—Mais qui êtes-vous, Monsieur, pour vous intéresser ainsi à nous?
—Un ennemi des rois, quand ils sont puissants; le serviteur de quiconque est malheureux, quand il est en mon pouvoir de le servir.
Après avoir formulé avec emphase cette réponse, comme s'il eût voulu affirmer ainsi sa foi républicaine, Grignan continua:
—Maintenant, Madame, écoutez-moi. Je ne sais pas si je retrouverai de sitôt l'occasion de m'entretenir avec vous, et les moments sont précieux. Voici ce que je suis chargé de vous dire: Trois ci-devant gentilshommes, MM. d'Épernon, de Guilleragues et de Morfontaine, se sont mis en tête de vous tirer de cette prison. Ils sont convaincus que cela est possible et qu'il est possible aussi de vous conduire hors de France vous et votre famille. Leur plan a été longuement mûri. Je n'en connais pas les détails. Je sais seulement qu'il consiste à vous emmener de Paris à Dieppe et à vous faire embarquer pour l'Angleterre. À eux seuls, ils ne peuvent l'exécuter, puisqu'il n'est pas en leur puissance de vous ouvrir les portes du Temple. Mais ce qu'ils ne peuvent, moi, je crois le pouvoir, avec le concours de quelques dévouements encore endormis dont je connais l'existence, et qui s'éveilleront quand on aura besoin d'eux. Si la reine donne à ses amis et à moi-même l'autorisation d'agir, nous nous occuperons de l'exécution.
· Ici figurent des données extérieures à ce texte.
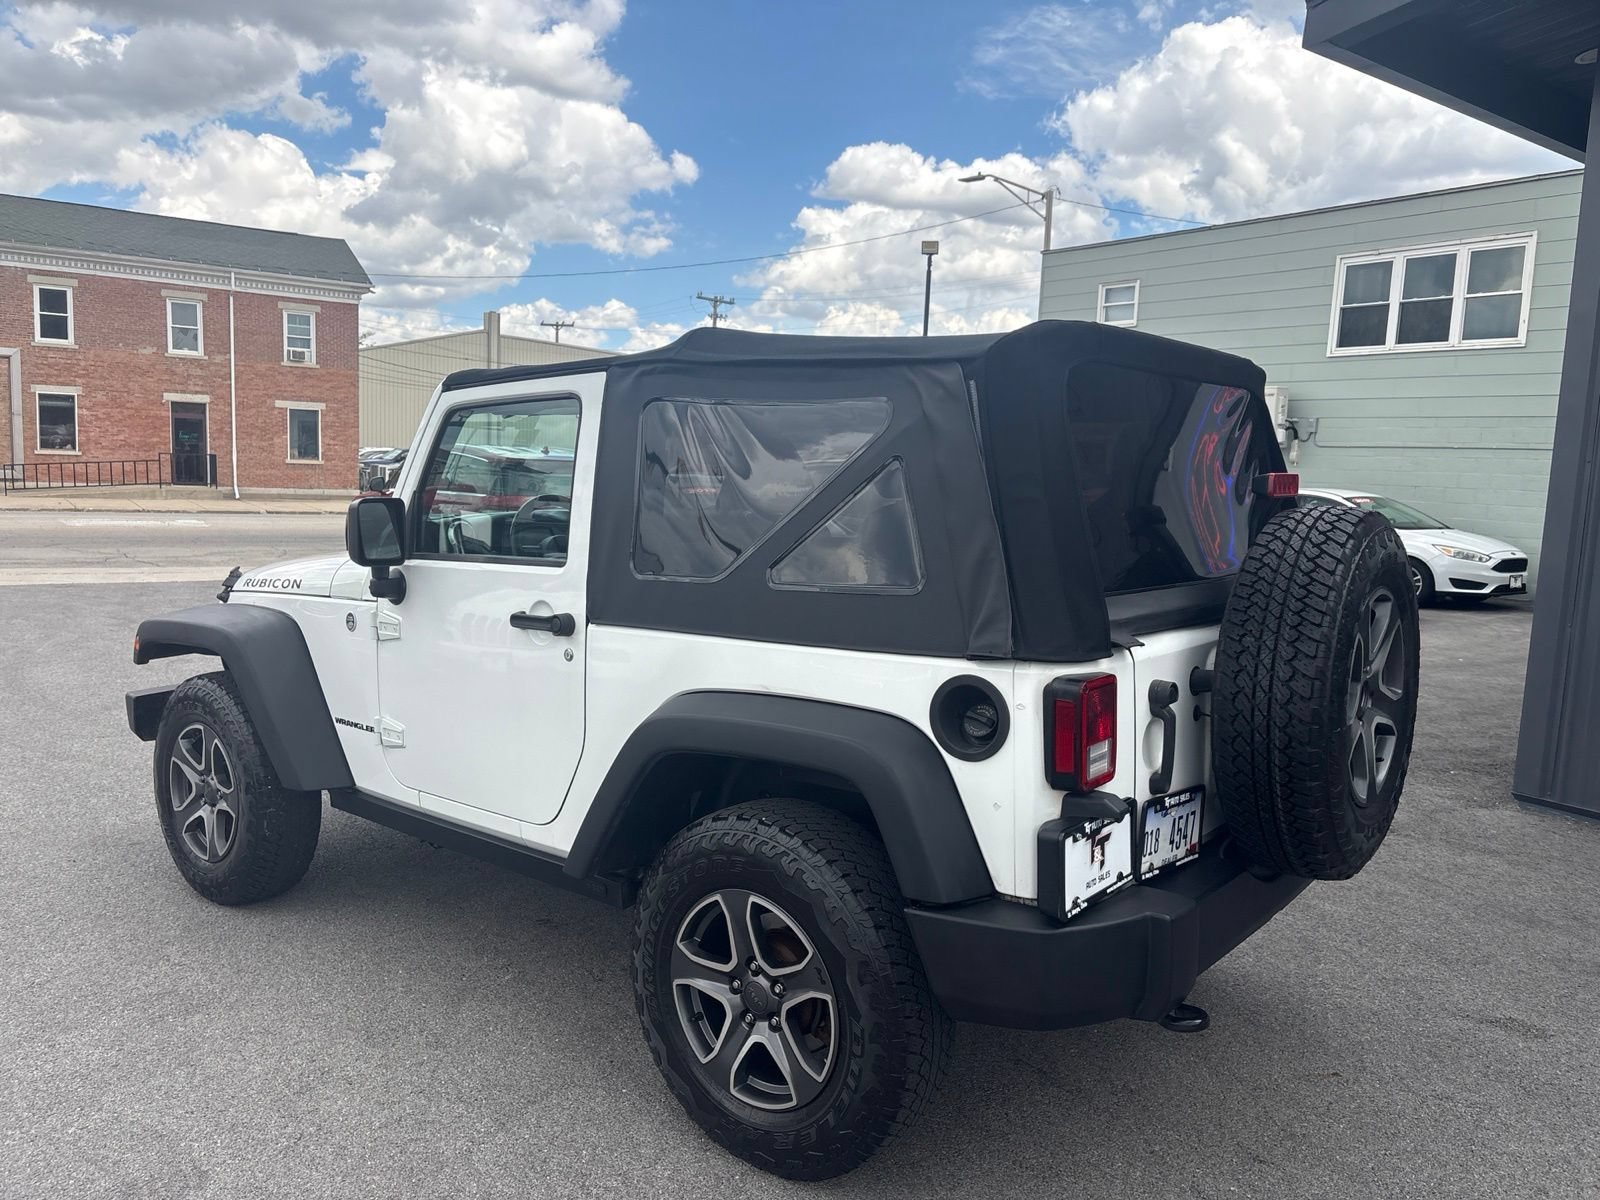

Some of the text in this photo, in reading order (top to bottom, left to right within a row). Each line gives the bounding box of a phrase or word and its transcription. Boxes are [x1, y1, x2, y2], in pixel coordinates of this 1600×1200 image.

[242, 578, 303, 589] RUBICON
[334, 716, 375, 733] WRANGLER
[1168, 809, 1197, 853] 4547
[1085, 877, 1097, 890] AUTO
[1097, 869, 1111, 883] SALES
[771, 1014, 866, 1151] DUELER
—Merci, Monsieur, répondit la reine très émue, merci pour les vaillants gentilshommes dont vous me révélez les intentions, merci surtout pour vous qui vous associez à eux dans un généreux entraînement et sans y être poussé par les mêmes motifs. Mon coeur gardera de leur proposition et de la vôtre une éternelle reconnaissance. Mais je ne peux accepter votre dévouement à tous que s'il m'est prouvé qu'il ne coûtera la vie ou la liberté à aucun de vous.
—Oh! Madame, c'est une preuve que personne ne saurait fournir. Je ne peux affirmer qu'une chose, c'est que ces Messieurs et moi nous tenons à notre peau et que nous ferons en sorte qu'elle ne soit pas entamée dans l'aventure.
—Et vous croyez au succès de votre entreprise? demanda la reine ébranlée.
—J'y crois fermement, Madame.
—Dès lors, où puiserais-je la force de vous défendre d'agir et de vous dévouer? J'ai perdu mon mari: je voudrais au moins sauver mes enfants. Si ma réponse est égoïste, ne vous en prenez qu'à la confiance que vous m'inspirez.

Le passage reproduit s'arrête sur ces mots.